Mass spectrometric strategy for the characterization of lipooligosaccharides from Neisseria gonorrhoeae 302 using FTICR

Abstract

The lipooligosaccharides (LOS) of Neisseria gonorrhoeae 302 were profiled using Fourier transform ion cyclotron resonance mass spectrometry (FTICR-MS). Using techniques developed in this laboratory, the topology and some of the linkages of the LOS were determined. Mass spectrometric analysis in the negative ion mode yielded a glycoform of the composition: Hex 3 Hep 2 Hxn 1 PEA 1 KDO 2 DPLA. The composition was confirmed through exact mass measurements, which showed only a 2 ppm error between the exact mass and theoretical mass. Although the core structure has been postulated previously, the positioning of the three hexose moieties were in question for this particular strain of N. gonorrhoeae.
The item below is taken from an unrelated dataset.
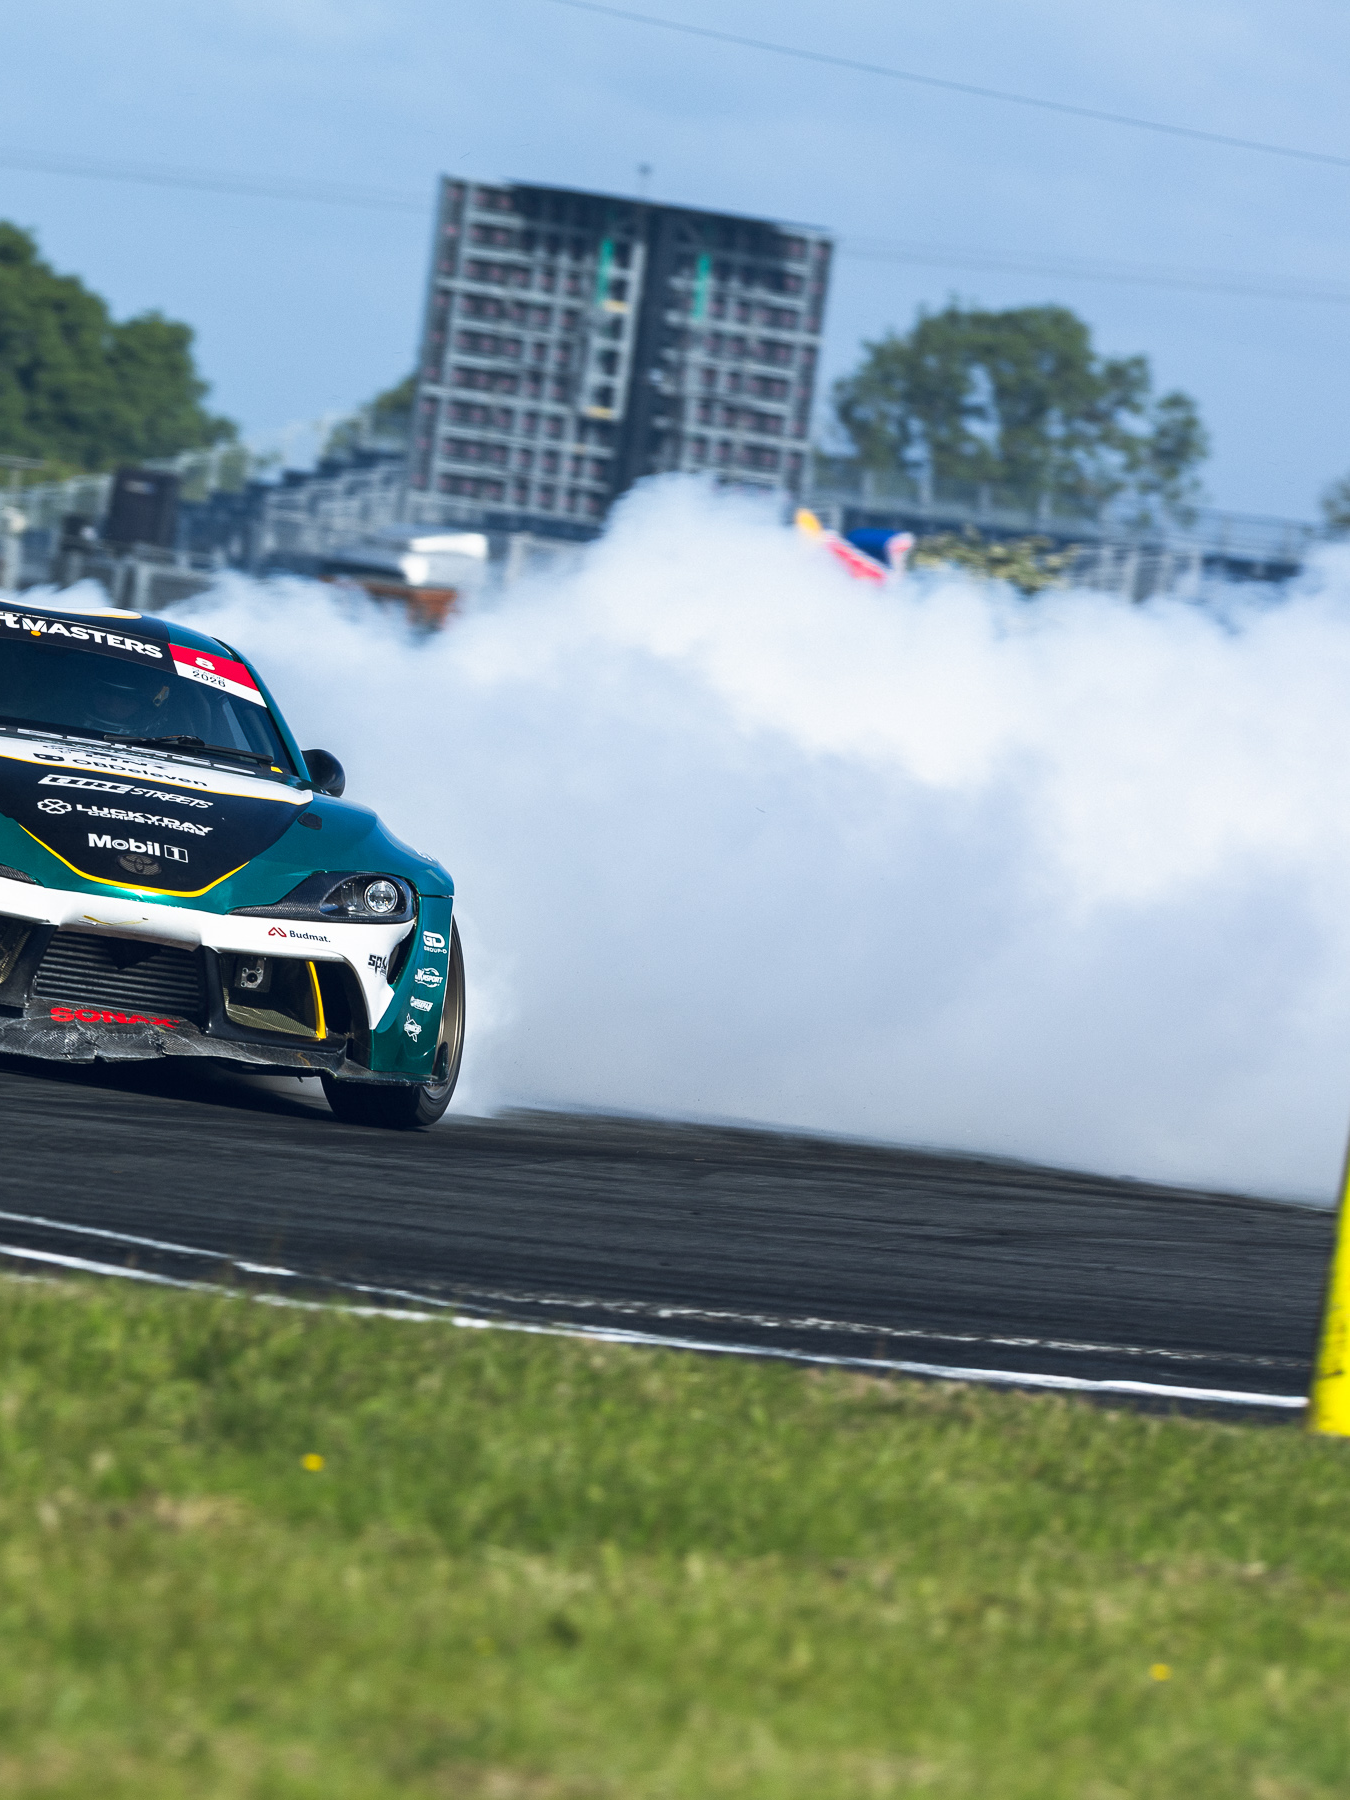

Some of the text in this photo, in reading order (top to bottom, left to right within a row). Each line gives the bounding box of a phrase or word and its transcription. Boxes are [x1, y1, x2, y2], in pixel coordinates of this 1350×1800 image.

Topology assignment was performed through collision-induced dissociation analysis of the O-deacylated glycoform in the negative ion mode followed by submission to the saccharide topology analysis tool (STAT) computer program, which confirmed the topology assignment. It was found that the three hexoses were added to the Hep[I] of the conserved core of N. gonorrhoeae in a linear fashion, while Hep[II] remains unbranched. Linkage position analysis was performed through application of a mild acid hydrolysis technique followed by collision-induced dissociation of the sodiated precursor ions, yielding a 1 → 4 linkage between the terminating and penultimate hexoses.